- **Exercise details**: Your answer must match the records word for word and contain no pictures.

- **Records provided**:

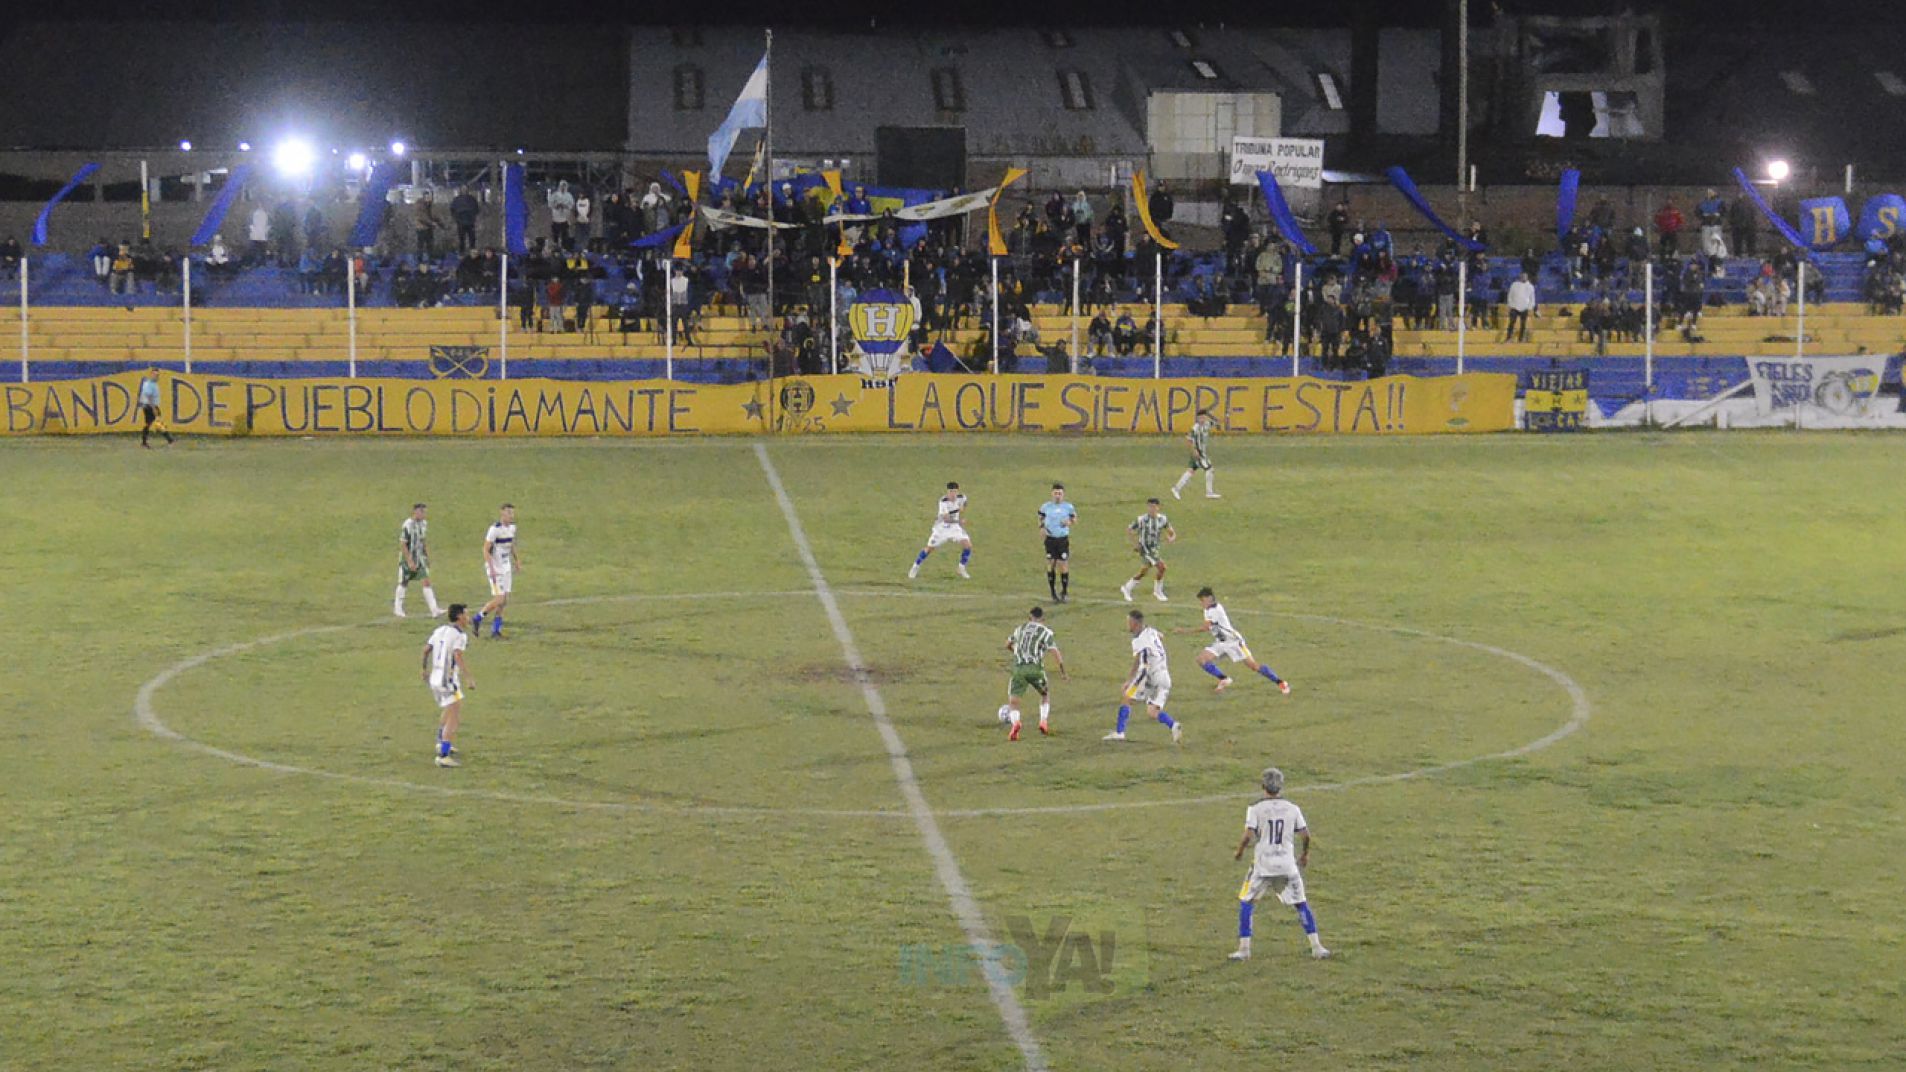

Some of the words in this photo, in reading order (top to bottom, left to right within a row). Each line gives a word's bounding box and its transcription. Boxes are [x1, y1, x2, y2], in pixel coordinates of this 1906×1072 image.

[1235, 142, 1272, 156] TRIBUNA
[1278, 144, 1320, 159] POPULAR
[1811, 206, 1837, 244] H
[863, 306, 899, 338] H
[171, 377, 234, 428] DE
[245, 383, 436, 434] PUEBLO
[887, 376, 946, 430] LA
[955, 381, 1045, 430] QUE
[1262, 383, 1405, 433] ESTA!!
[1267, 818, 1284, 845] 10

- **Output for this task**:
Some of the words in this photo, in reading order (top to bottom, left to right within a row). Each line gives a word's bounding box and its transcription. Boxes are [x1, y1, x2, y2], in pixel coordinates of this 1906×1072 image.

[1235, 142, 1272, 156] TRIBUNA
[1278, 144, 1320, 159] POPULAR
[1811, 206, 1837, 244] H
[863, 306, 899, 338] H
[171, 377, 234, 428] DE
[245, 383, 436, 434] PUEBLO
[887, 376, 946, 430] LA
[955, 381, 1045, 430] QUE
[1262, 383, 1405, 433] ESTA!!
[1267, 818, 1284, 845] 10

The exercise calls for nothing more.